Californians Deal with Winter Storms, Potential Floods

December 29, 2004

Californians this week are once again dealing with the effects of a fierce rainy season.

No California county is immune from the risk of flooding. In the past 10 years alone, there have been three large-scale, widespread, Federally declared flood disasters in California. During that time, California residents reportedly filed more than 20,000 flood insurance claims and received more than 244 million dollars in flood insurance payments.

“As we have seen this week, California’s winter rains can be sudden and surprisingly intense,” said Under Secretary of Homeland Security for Emergency Preparedness and Response Michael Brown. “Residents should know how to prepare for these storms, and should be aware that their homeowners’ insurance does not cover flood and mudflow damage.”

California’s winter rainy season lasts through March. FEMA offers the following tips to prepare for winter flooding:

Before the storm

* Have a safety kit with drinking water, a first aid kit, canned food, radio, flashlight, and blankets ready to go.
* Know safe routes from home, work, and school on high ground.
* Protect the property. Make sure that one’s flood insurance policy is up to date.

During the storm

* Avoid areas subject to sudden flooding.
* Do not try to walk across running water more than six inches deep.
* Do not drive into flooded areas. If the car stalls, abandon it immediately—if possible—and seek higher ground.

After the storm

* Do not turn electricity back on in the home if smelling gas or if the electrical system has been flooded.
* Clean and disinfect everything that was touched by floodwaters or mudflows and throw out any such foodstuffs.
* Follow directions from local officials regarding the safety of drinking water.

To learn more about the flooding risk, visit the NFIP (National Flood Insurance Program) Web site, or call 1-800-427-2419.

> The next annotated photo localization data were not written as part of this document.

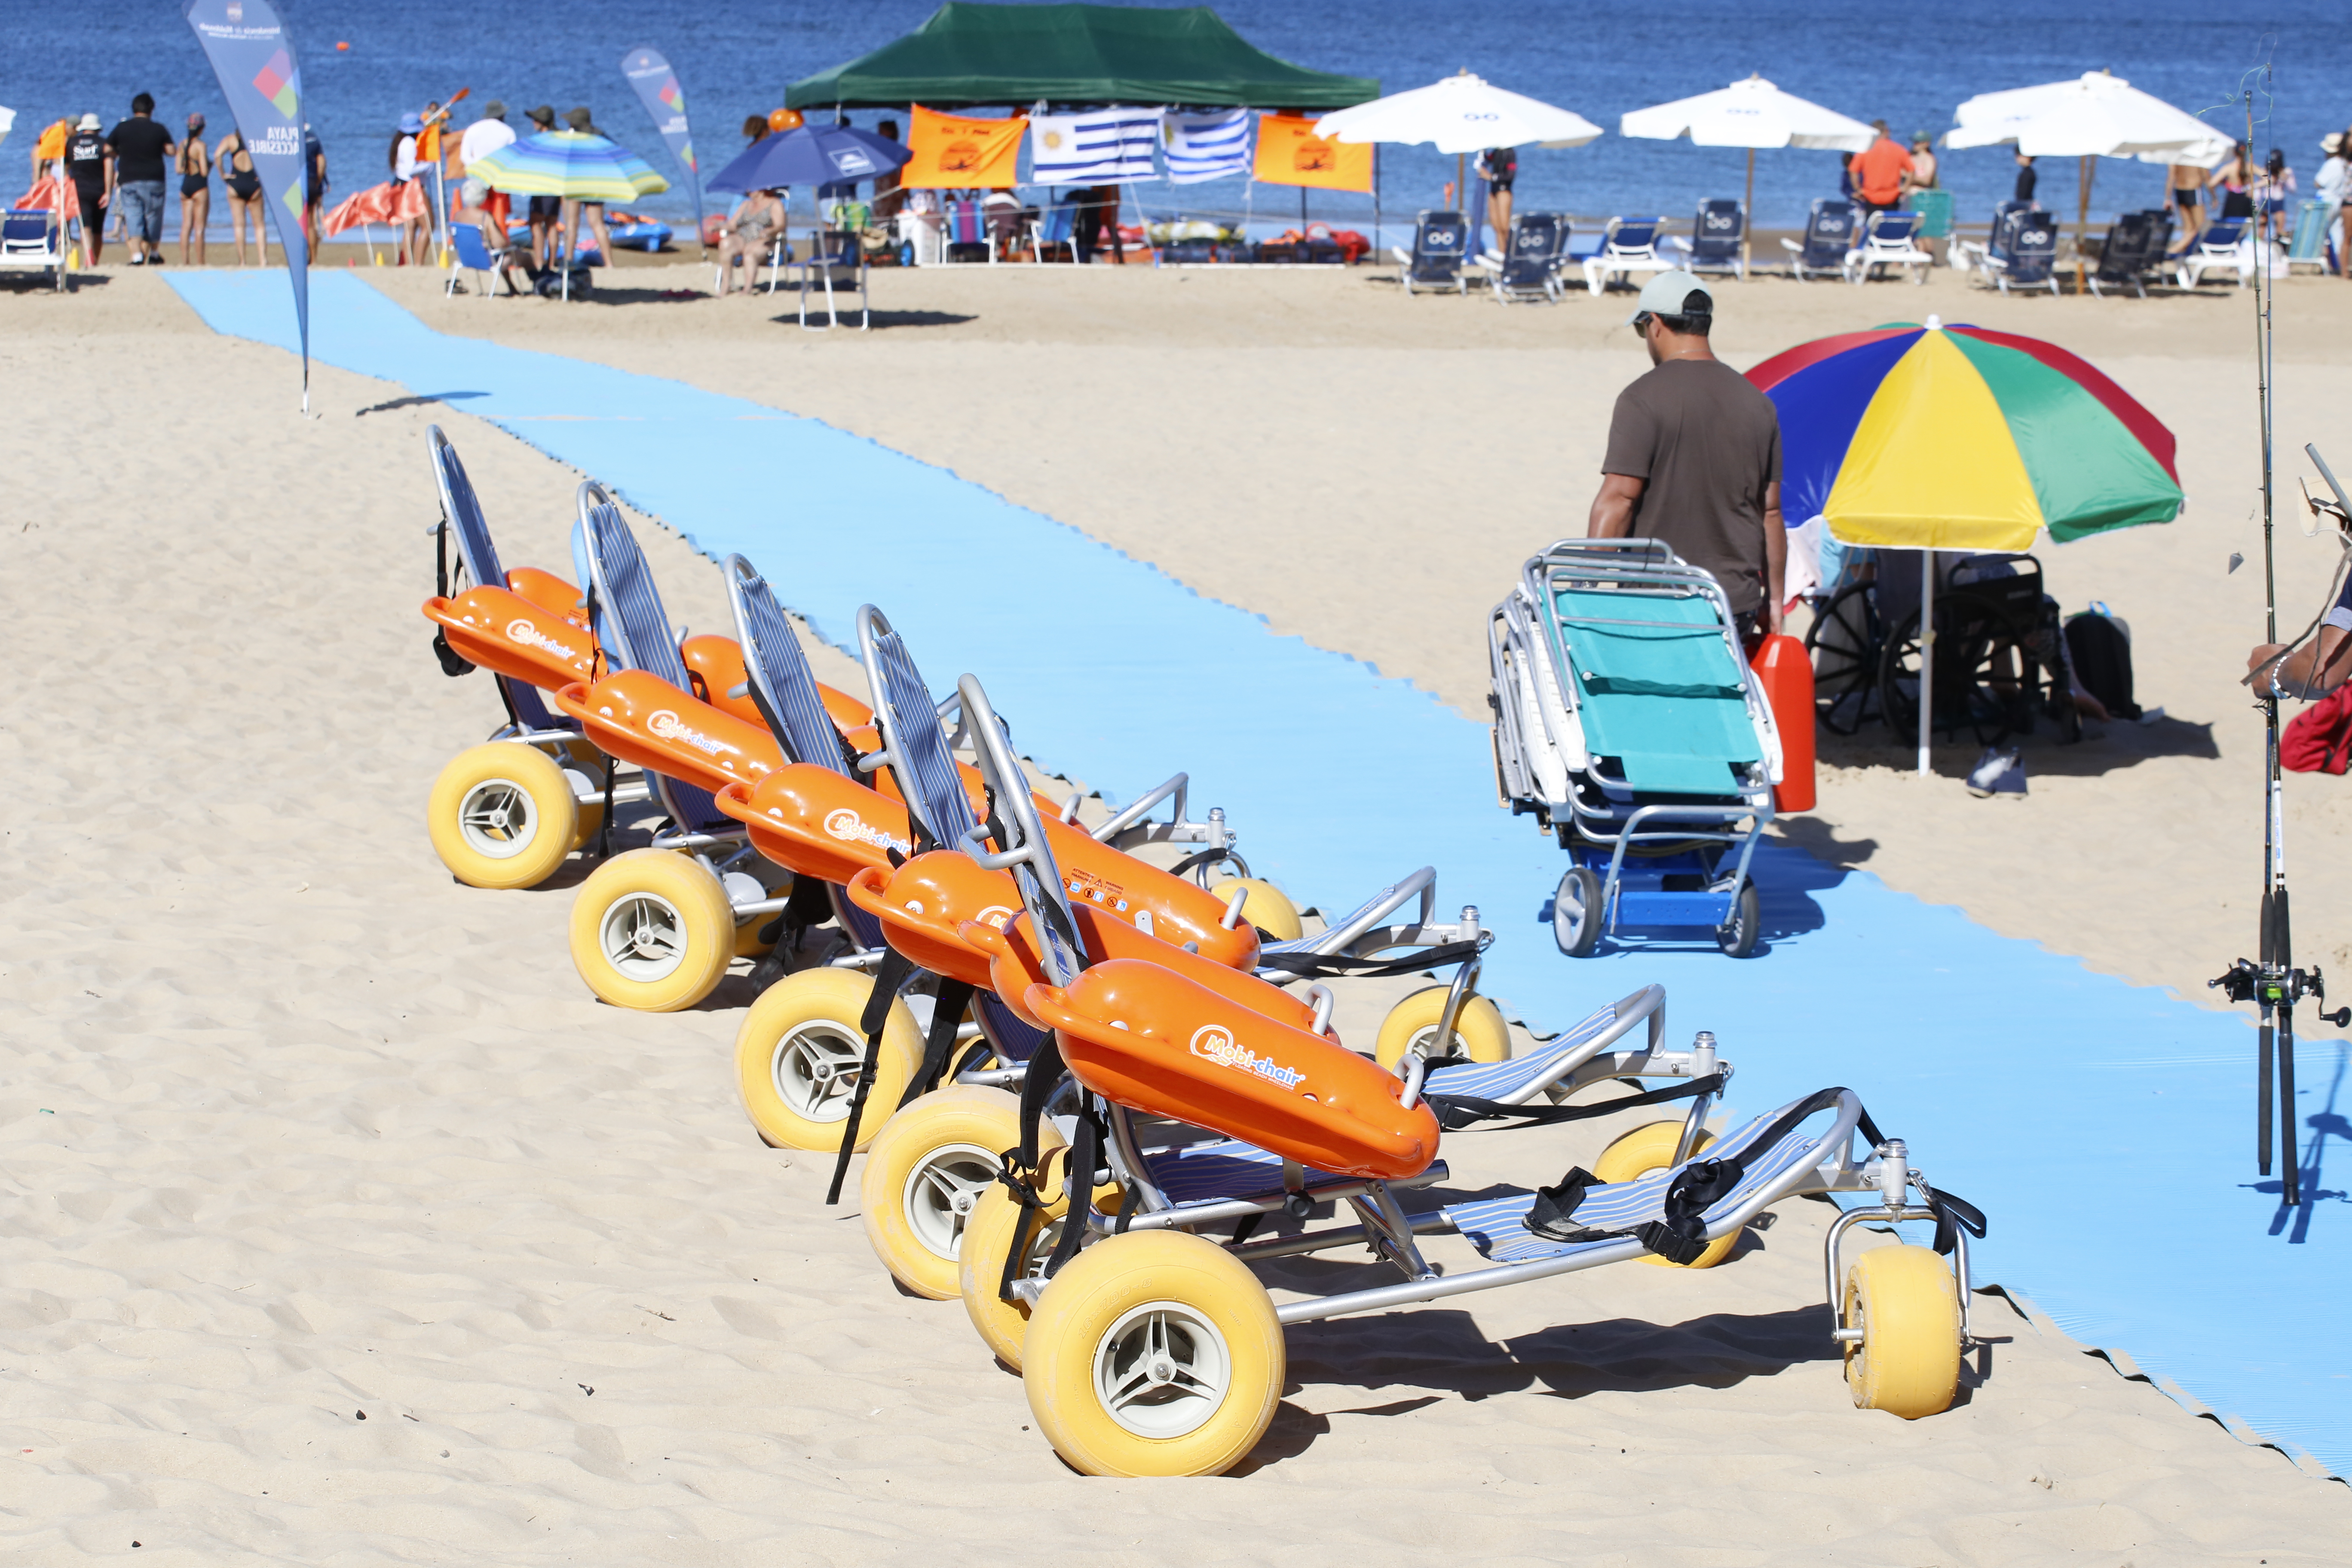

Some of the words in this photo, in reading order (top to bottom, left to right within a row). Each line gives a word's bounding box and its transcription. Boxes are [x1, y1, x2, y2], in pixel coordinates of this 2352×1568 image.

[1072, 868, 1094, 879] ATTENTION
[1105, 886, 1122, 895] CUIDADO
[1106, 881, 1124, 891] WARNING
[1232, 1062, 1253, 1073] FLOATING
[1253, 1071, 1268, 1079] BEACH
[1268, 1077, 1294, 1090] WHEELCHAIR

Under the National Flood Insurance Program, federally backed flood insurance is available to homeowners, renters and business owners in communities that adopt and enforce floodplain management ordinances to reduce future flood losses by regulating new construction in high flood-risk areas.

Currently, more than 4.4 million flood insurance policies are in approximately 20,000 participating communities nationwide, representing nearly $637 billion worth of coverage. The National Flood Insurance Program is self-supporting; claims and operating expenses are paid from policyholder premiums, not taxpayer dollars.